En 2015, les YPG sont soutenus par les États-Unis, qui s’appuient sur leur organisation militaire pour lutter contre Daesh. Le PYD profite de ce soutien pour annexer de nouvelles zones, et organise avec succès la résistance de la ville de Kobané assiégée par Daesh, puis la prise de Tell-Abyad. Ces prises militaires permettent l’extension du système confédéral mis en place et en 2016, les Kurdes proclament leur autonomie en tant que région fédérale. Intolérable danger pour la Turquie, qui entre dans le jeu syrien la même année.

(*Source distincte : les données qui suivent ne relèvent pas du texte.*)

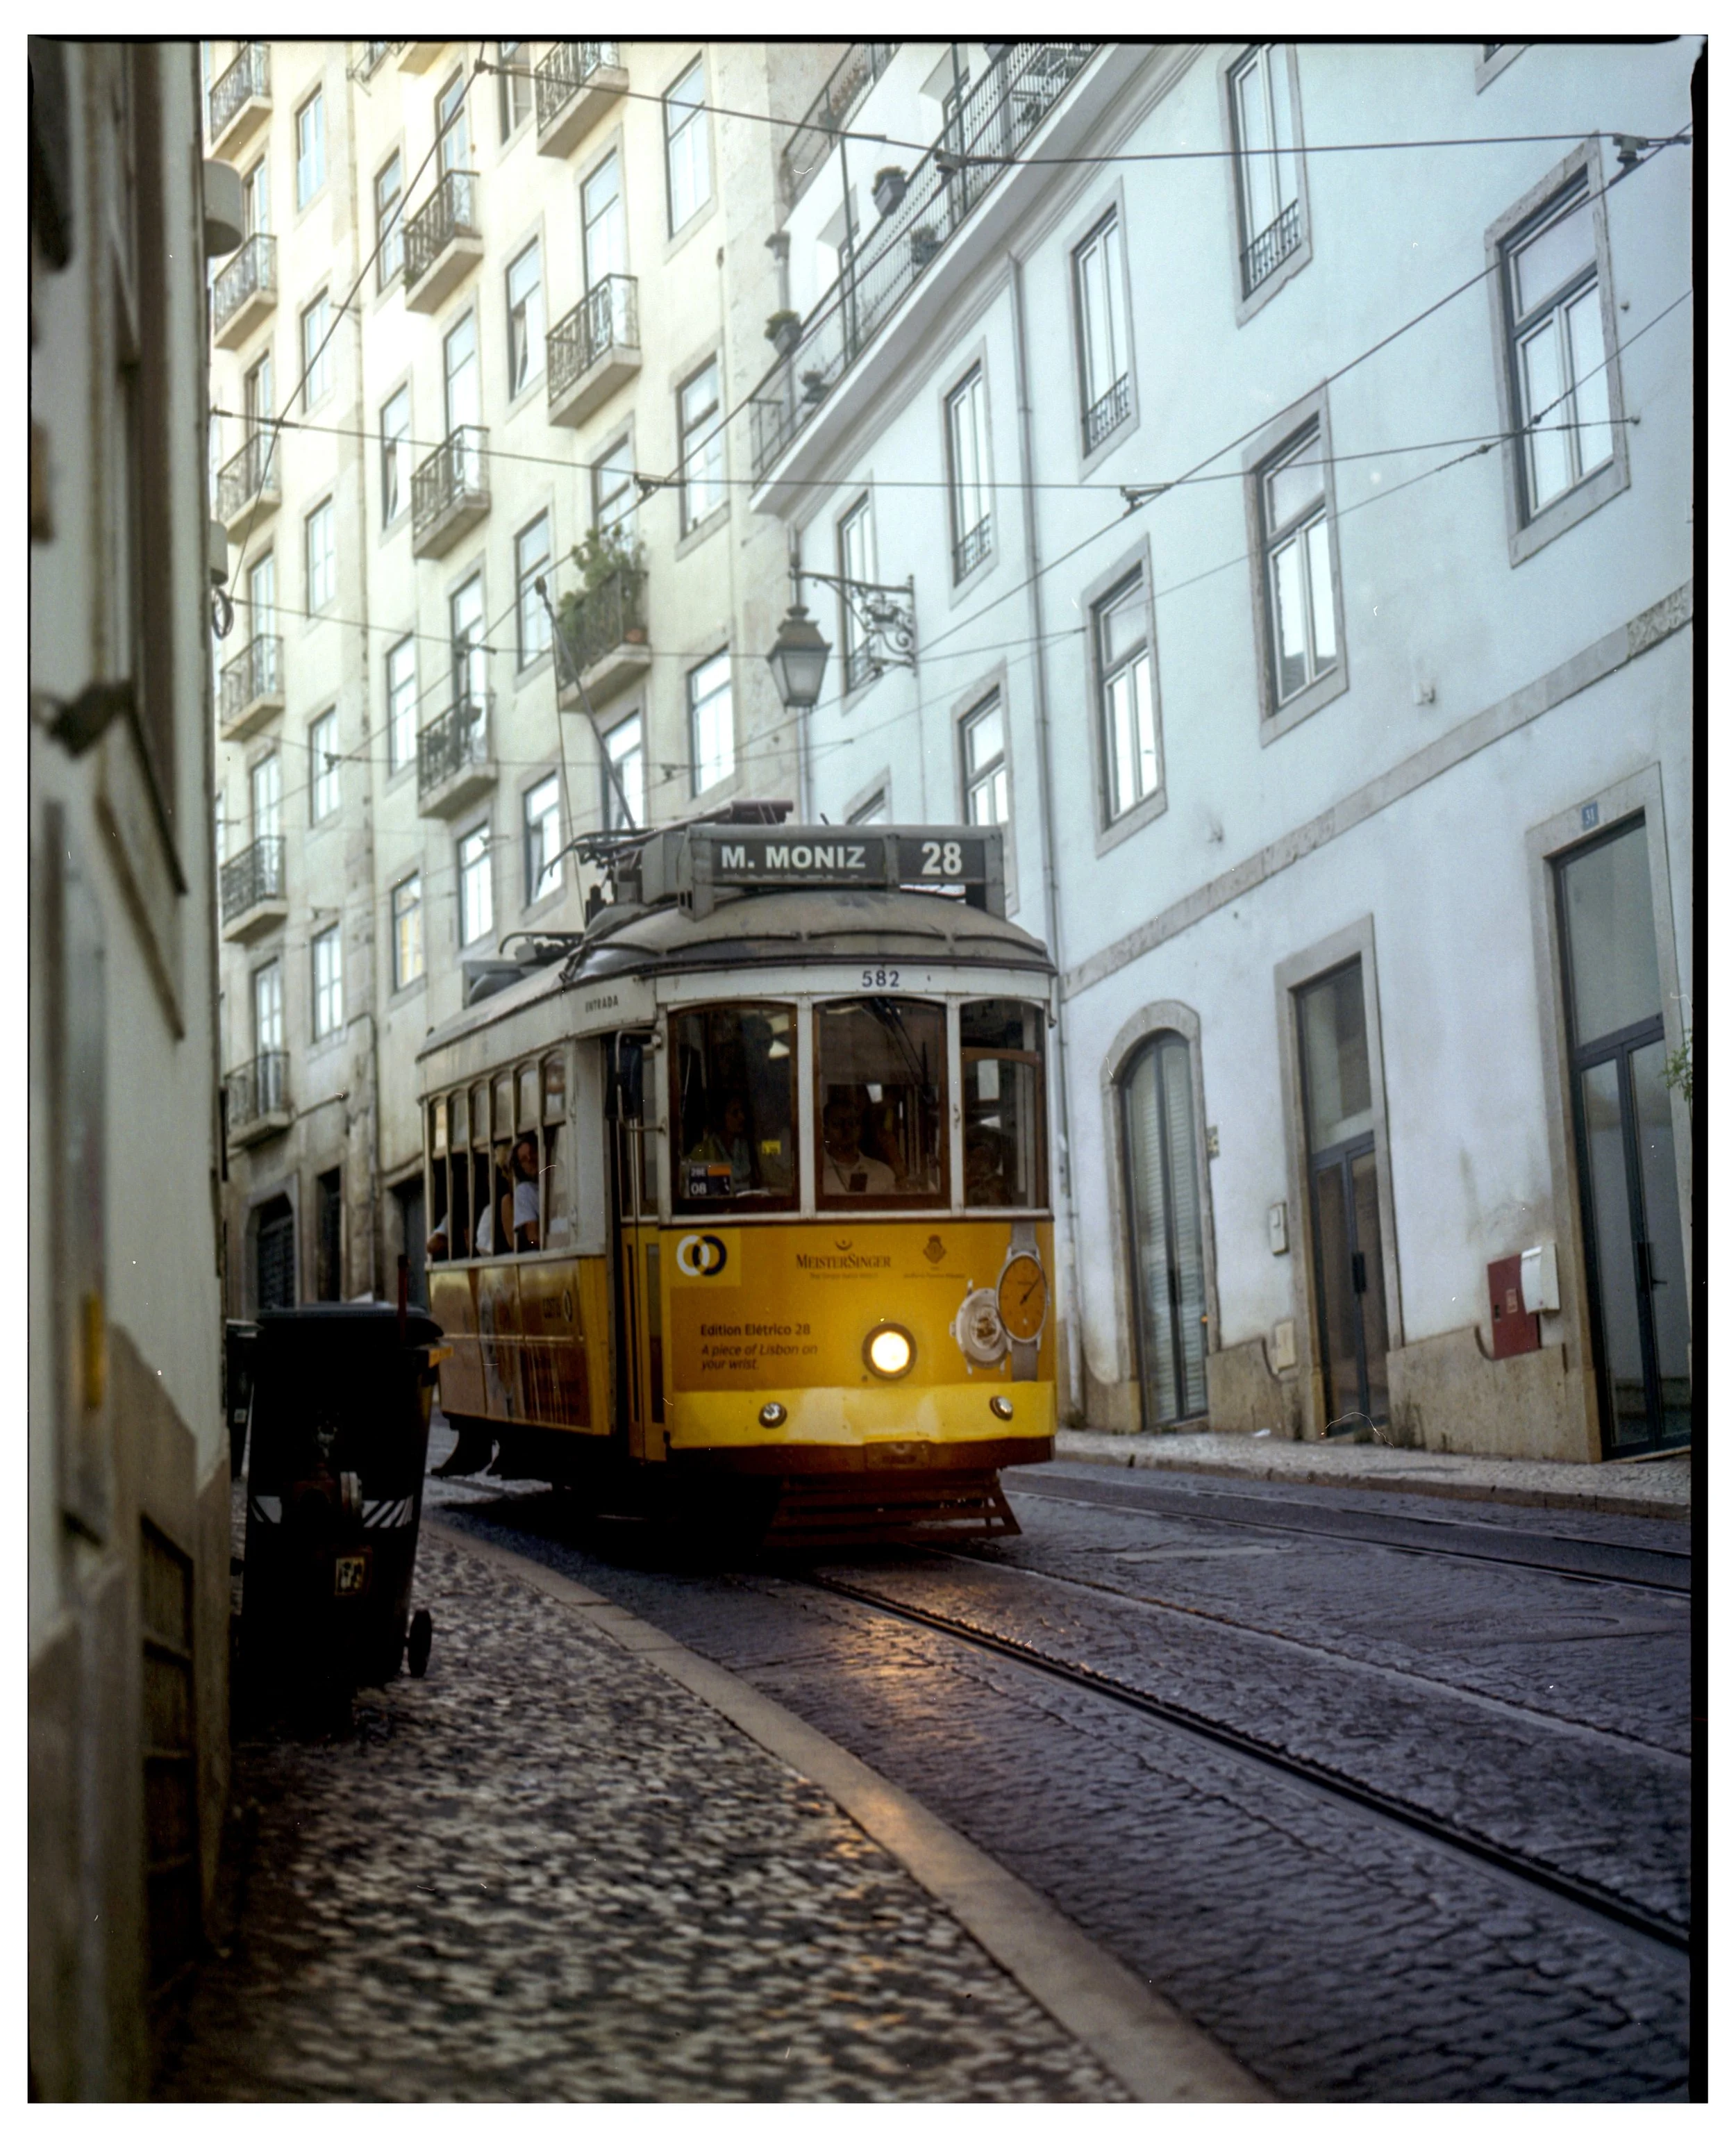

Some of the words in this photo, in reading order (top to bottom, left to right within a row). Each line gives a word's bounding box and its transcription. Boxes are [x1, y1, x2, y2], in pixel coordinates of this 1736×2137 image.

Manifestation en soutien au peuple kurde contre l’invasion turque du Rojava, Marseille

Conflits et jeux d’influence

Le soutien des États-Unis forme cependant un écueil pour Erdogan, qui ne peut se permettre une invasion éclair du Rojava, qui serait bien trop onéreuse pour une économie turque en difficulté. Le leader turc privilégie donc une invasion par tranches et commence son déploiement militaire. En 2018, l’armée turque suppléée par les rebelles de l’Armée syrienne libre prend aux Kurdes la ville d’Afrin, tenue depuis 2012. Ni les États-Unis, ni la Russie jusque là bienveillante et protectrice avec les Kurdes, ne lèvent le petit doigt. Alors que les Kurdes ont activement contribué à la lutte contre Daesh, chassé du pays, les deux grandes puissances mondiales finissent par les lâcher. En 2019, les turques s’emparent d’une vaste bande frontalière de 150km sur 30. Pour les Kurdes, les garanties occidentales se sont évanouies.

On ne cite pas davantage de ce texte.